Tem coisas que você nessa idade já tiraria mais de letra, mas é porque teve experiências. Então a gente tem que olhar pra eles e, eu digo, olhar sem se assustar, porque senão a gente entra numa sintonia de cobrar coisas, "nossa, mas você já deveria saber isso". Não vamos esquecer que eles passaram por dois anos de pandemia e a pandemia ainda não acabou. Eles tiveram contato com coisas complexas, muitas crianças que eram muito poupadas - e eu acho tem uma coisa de os adultos pouparem demais, não se fala de morte, não se fala de tristeza, não se tem frustração com nada. De repente você cai numa pandemia, ninguém tinha, nem os jovens tinham essa musculatura para lidar com a vida que é tão complexa. Eu brincava que eu me sentia o 'waze', recalculando a rota, você planeja, muda de rota e via que a morte está do lado da vida o tempo todo. E aí essas crianças, esses jovens, tiveram que lidar com algo muito complexo em uma sociedade em que só cabe ser feliz o tempo todo. Então imagina viver o que nós estamos vivendo e quando a gente acha que está tudo engrenando vem uma nova variante. O que é que a gente faz?
E a gente vive em uma sociedade que parece que se pode controlar tudo, ela te promete algo que não vai te entregar. E ao acampar a gente também vai falar assim, "olha, ele vai chegar aqui, vai frustrar muito, mas a gente vai dar conta". E ele dá. Porque talvez ele não vai cair no quarto que ele queria, talvez não apareça a brincadeira que ele queria. "Eu tô louco pra ir pra tirolesa" e aí começa a chover. Não vai pra tirolesa. E aí o que é que eu faço com isso? Eu vou ficar chorando ou eu vou descobrir uma outra coisa que eu posso fazer? E eu acho que isso pra eles é muito importante. Então, acho que nesse momento os adultos também precisam acreditar que eles dão conta das frustrações, que tem um primeiro choro mas, passado o choro, vai se encontrar as soluções, a porta fechou, mas abriu uma outra que eu nem estava vendo, e olha que legal. Essa experiência que antes da pandemia os adultos já estavam poupando.
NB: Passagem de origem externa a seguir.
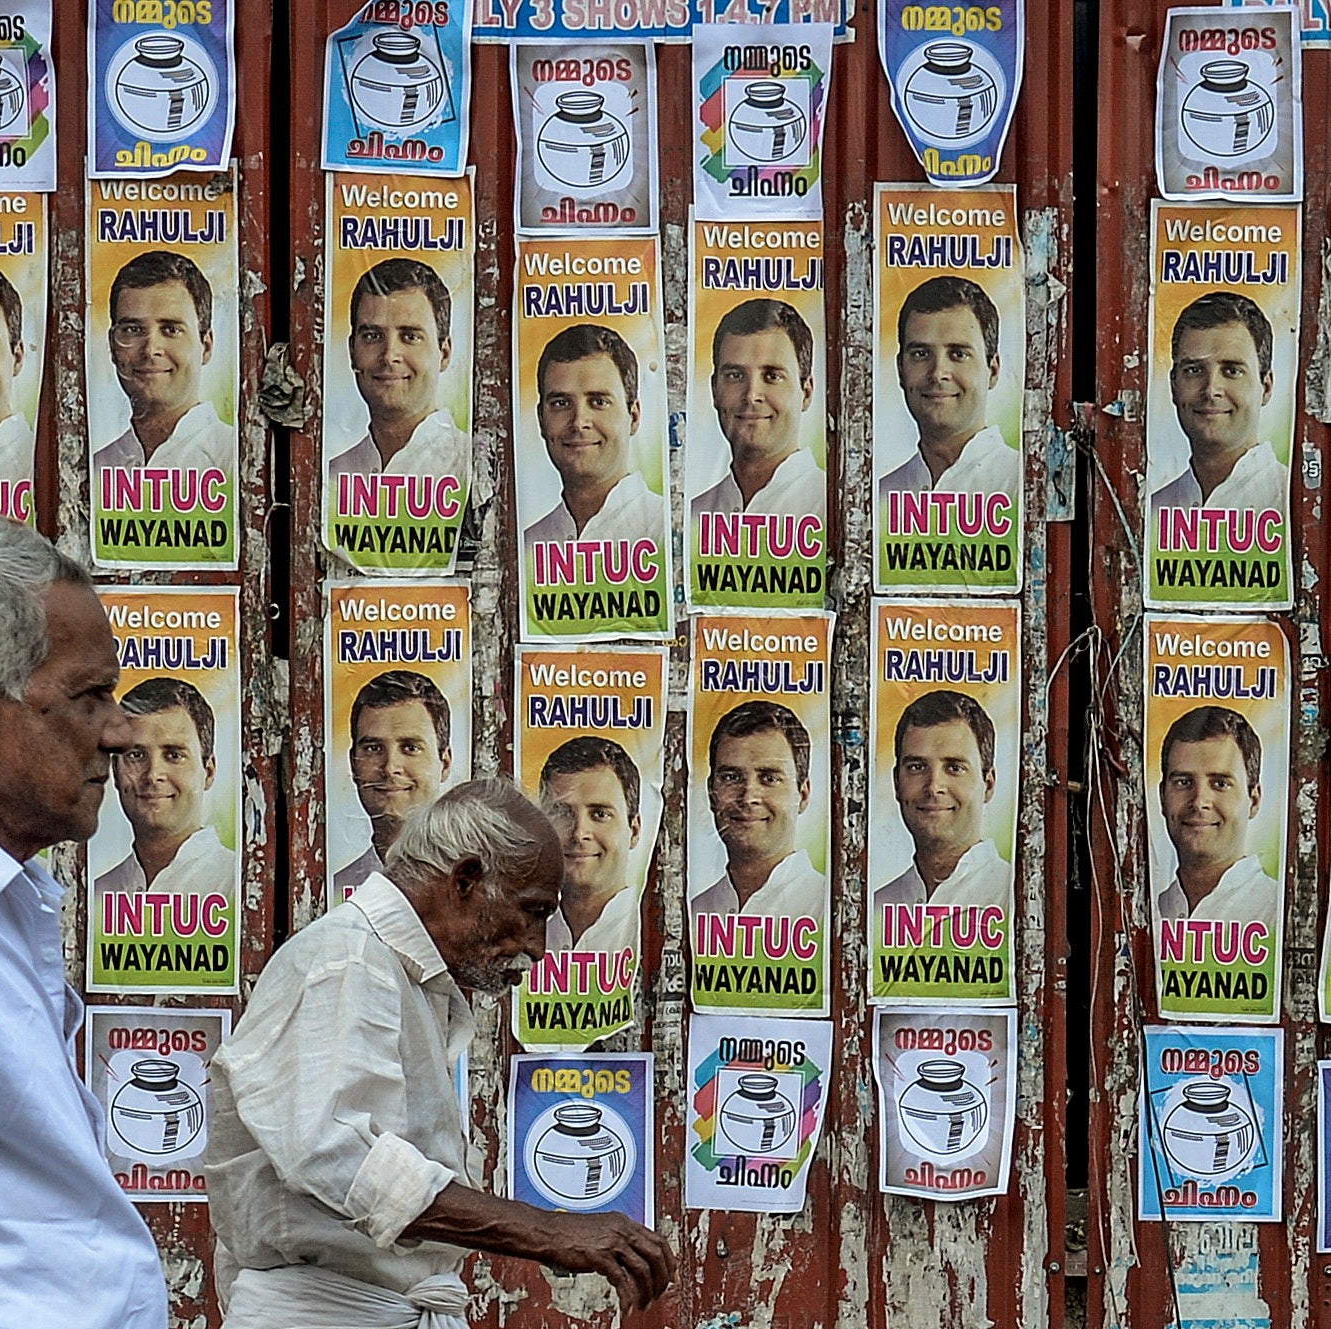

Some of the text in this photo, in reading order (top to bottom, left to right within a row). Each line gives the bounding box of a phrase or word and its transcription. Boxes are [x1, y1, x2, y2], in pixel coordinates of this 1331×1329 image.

[530, 0, 552, 29] 3
[563, 0, 689, 29] SHOWS
[1179, 25, 1276, 54] നമ്മുടെ
[723, 44, 812, 74] നമ്മുടെ
[727, 170, 807, 198] ചിഹ്നം
[1185, 171, 1280, 193] ചിഹ്നം
[342, 185, 459, 210] Welcome
[97, 210, 225, 242] RAHULJI
[888, 203, 1005, 227] Welcome
[340, 217, 464, 250] RAHULJI
[1165, 219, 1282, 244] Welcome
[525, 252, 642, 276] Welcome
[887, 236, 1011, 268] RAHULJI
[1162, 251, 1287, 284] RAHULJI
[524, 284, 649, 316] RAHULJI
[100, 467, 227, 509] INTUC
[338, 473, 459, 517] INTUC
[889, 492, 1011, 535] INTUC
[99, 518, 227, 547] WAYANAD
[1159, 509, 1283, 550] INTUC
[535, 541, 658, 584] INTUC
[886, 542, 1011, 571] WAYANAD
[1156, 558, 1281, 588] WAYANAD
[533, 591, 661, 622] WAYANAD
[887, 618, 1003, 644] Welcome
[1155, 633, 1271, 659] Welcome
[529, 663, 646, 689] Welcome
[886, 650, 1008, 684] RAHULJI
[1153, 665, 1276, 699] RAHULJI
[527, 695, 653, 728] RAHULJI
[102, 893, 228, 936] INTUC
[883, 906, 1004, 947] INTUC
[100, 942, 229, 972] WAYANAD
[880, 956, 1004, 984] WAYANAD
[718, 1037, 806, 1067] നമ്മുടെ
[894, 1027, 993, 1054] നമ്മുടെ
[717, 1160, 792, 1189] ചിഹ്നം
[904, 1165, 987, 1189] ചിഹ്നം
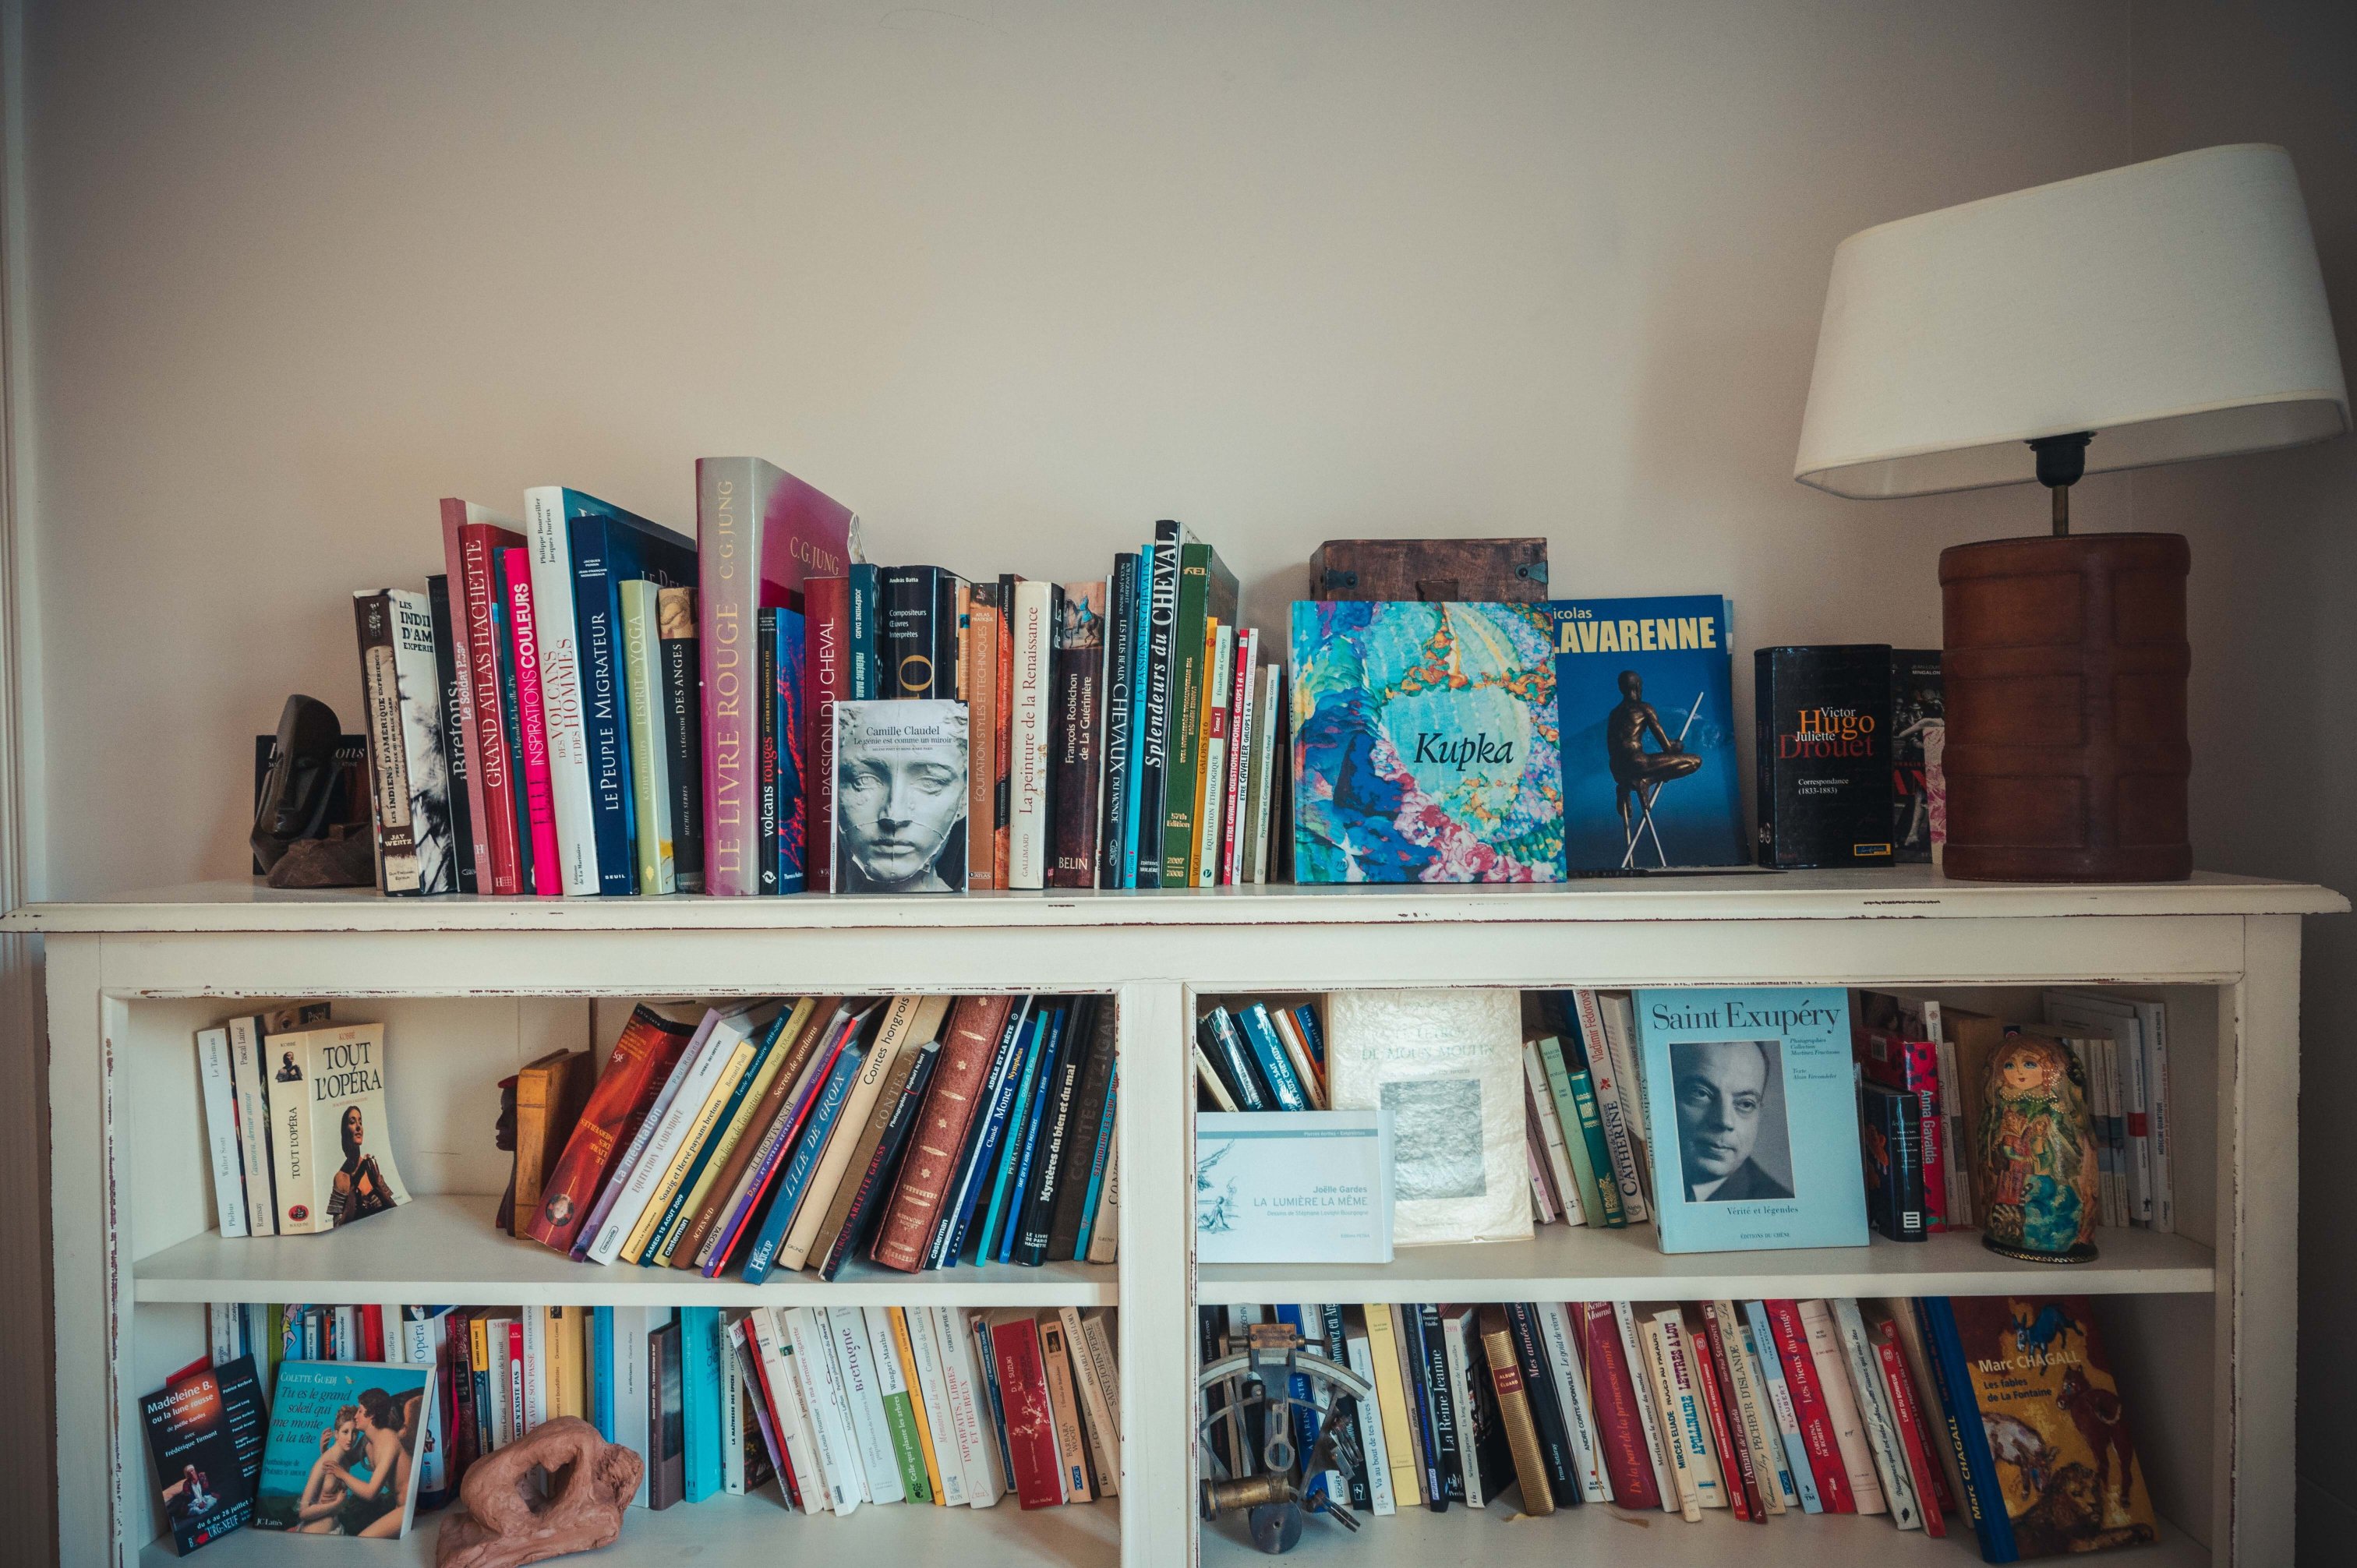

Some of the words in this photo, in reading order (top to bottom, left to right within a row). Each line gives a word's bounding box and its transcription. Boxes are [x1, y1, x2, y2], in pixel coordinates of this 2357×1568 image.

[811, 546, 839, 575] JUNG
[466, 540, 489, 647] HACHETTE
[1152, 532, 1176, 626] CHEVAL
[514, 584, 535, 669] COULEURS
[1553, 607, 1592, 620] icolas
[889, 630, 918, 639] Interprètes
[1023, 606, 1038, 690] Renaissance
[1151, 634, 1167, 657] du
[1554, 616, 1716, 654] AVARENNE
[592, 612, 613, 719] MIGRATEUR
[716, 602, 740, 718] ROUGE
[475, 654, 497, 712] ATLAS
[1067, 673, 1077, 720] Robichon
[1022, 695, 1035, 707] la
[1080, 676, 1091, 729] Guérinière
[1145, 662, 1166, 768] Splendeurs
[1820, 708, 1856, 718] Victor
[380, 697, 390, 763] D'AMÉRIQUE
[521, 670, 545, 766] INSPIRATIONS
[866, 726, 902, 736] Camille
[904, 726, 940, 736] Claudel
[1022, 712, 1035, 729] de
[1798, 710, 1875, 740] Hugo
[1065, 723, 1077, 764] François
[1080, 732, 1089, 744] La
[1779, 735, 1874, 758] Drouet
[1795, 731, 1836, 742] Juliette
[482, 719, 502, 787] GRAND
[600, 728, 617, 789] PEUPLE
[764, 736, 777, 782] rouges
[1020, 733, 1037, 792] peinture
[1080, 747, 1089, 761] de
[1267, 751, 1270, 761] du
[1414, 733, 1514, 772] Kupka
[387, 765, 397, 807] INDIENS
[717, 731, 740, 824] LIVRE
[605, 793, 618, 810] LE
[761, 786, 773, 838] volcans
[1019, 797, 1033, 814] La
[385, 838, 412, 846] WERTZ
[719, 839, 740, 873] LE
[1058, 857, 1088, 870] BELIN
[1652, 1003, 1720, 1030] Saint
[1725, 999, 1841, 1036] Exupéry
[323, 1042, 372, 1070] TOUT
[864, 1047, 888, 1086] Contes
[883, 997, 910, 1049] hongrois
[315, 1065, 383, 1101] L'OPÉRA
[1067, 1064, 1076, 1086] mal
[986, 1125, 998, 1148] Claude
[994, 1086, 1012, 1120] Monet
[1008, 1047, 1023, 1080] Nymphéas
[1061, 1085, 1072, 1100] du
[1921, 1089, 1933, 1118] Anna
[612, 1170, 627, 1184] La
[624, 1107, 663, 1167] méditation
[672, 1066, 684, 1083] Paul
[684, 1040, 700, 1067] Roland
[1054, 1111, 1066, 1134] bien
[289, 1107, 299, 1150] L'OPÉRA
[1051, 1133, 1062, 1151] du
[1921, 1118, 1938, 1165] Gavalda
[659, 1180, 677, 1202] Soazig
[676, 1148, 692, 1168] Hervé
[689, 1128, 708, 1153] paysans
[705, 1099, 722, 1126] bretons
[1612, 1100, 1638, 1197] CATHERINE
[292, 1153, 301, 1179] TOUT
[1041, 1150, 1058, 1202] Mystères
[1253, 1198, 1267, 1206] LA
[1273, 1195, 1318, 1206] LUMIÈRE
[1321, 1197, 1336, 1206] LA
[1338, 1194, 1368, 1206] MÊME
[1313, 1185, 1337, 1194] Joëlle
[1339, 1185, 1367, 1194] Gardes
[826, 1253, 838, 1271] LE
[835, 1222, 852, 1252] CIRQUE
[850, 1178, 871, 1220] ARLETTE
[869, 1145, 886, 1176] GRUSS
[1726, 1207, 1751, 1216] Vérité
[1764, 1206, 1798, 1216] légendes
[645, 1235, 662, 1259] SAMEDI
[664, 1210, 677, 1227] AOUT
[673, 1194, 684, 1210] 2009
[665, 1219, 688, 1256] casterman
[694, 1225, 709, 1241] ACTES
[705, 1207, 714, 1222] SUD
[931, 1219, 948, 1259] casterman
[702, 1226, 722, 1255] TASCHEN
[1665, 1323, 1679, 1337] LOU
[1780, 1310, 1794, 1340] tango
[842, 1327, 864, 1392] Bretagne
[879, 1331, 890, 1359] Maathai
[1788, 1337, 1798, 1353] du
[885, 1361, 896, 1390] Wangari
[1431, 1349, 1447, 1393] Jeanne
[1670, 1350, 1691, 1391] LETTRES
[1793, 1355, 1808, 1386] Dieux
[1979, 1358, 2015, 1374] Marc
[2016, 1350, 2080, 1369] CHAGALL
[280, 1372, 312, 1383] COLETTE
[314, 1373, 337, 1385] GUEDJ
[1984, 1379, 1998, 1390] Les
[2001, 1377, 2028, 1389] fables
[147, 1386, 200, 1414] Madeleine
[203, 1381, 213, 1390] B.
[152, 1415, 162, 1425] ou
[164, 1411, 171, 1419] la
[172, 1404, 189, 1416] lune
[190, 1393, 214, 1408] rousse
[281, 1386, 295, 1397] Tu
[310, 1388, 318, 1399] le
[320, 1389, 352, 1402] grand
[288, 1402, 312, 1414] soleil
[314, 1404, 330, 1415] qui
[894, 1397, 904, 1417] arbres
[1799, 1385, 1812, 1404] Les
[1987, 1392, 1998, 1403] de
[2001, 1390, 2012, 1401] La
[2014, 1386, 2052, 1400] Fontaine
[273, 1418, 289, 1427] me
[292, 1418, 323, 1429] monte
[1437, 1393, 1452, 1432] Reine
[1666, 1411, 1679, 1438] ELIADE
[1681, 1395, 1706, 1455] APOLLINAIRE
[165, 1441, 195, 1457] Frédérique
[196, 1430, 217, 1443] Tirmont
[276, 1432, 281, 1443] à
[284, 1432, 294, 1443] la
[295, 1432, 316, 1443] tête
[901, 1430, 912, 1452] plante
[1443, 1436, 1455, 1452] La
[1949, 1416, 1974, 1481] CHAGALL
[906, 1453, 915, 1464] qui
[1673, 1437, 1686, 1469] MIRCEA
[907, 1464, 917, 1481] Celle
[1969, 1485, 1981, 1520] Marc
Blog: Quando o acampamento fechou na pandemia, vocês começaram a receber as famílias que viajavam em 'bolhas', isoladas de outras famílias. O que elas disseram, quais foram as dores e os aprendizados desse período?
Patrícia: A gente teve um contato muito grande com as famílias que falavam assim, "mas por que é que o meu filho tem que viver isso (a pandemia) agora? Por que na alfabetização dele? Por que quando vai fazer 15 anos?" A gente não tem controle. A gente vai alfabetizar, mas vai ser de uma outra maneira. E vai ter festa, mas vai ser uma outra festa. Quando os adultos e as crianças se deram oportunidade de viver outra coisa, o que era possível viver, o vínculo foi muito forte. Muito forte. Vai ficar marcado historicamente outras formas de vínculo, porque justamente a tela que a gente acreditava que distanciava era o único canal de aproximação, e ela tinha que aproximar e pronto.
O que eu achei fantástico quando pensamos "vamos trazer para cá as famílias" foi que dessa porta fechada se descobriu uma outra porta - foi o ir para um lugar e estar com o filho, olha só que oportunidade que foi o de eu aprender a brincar com o meu filho, dele me ver brincando. Houve um aprendizado muito grande.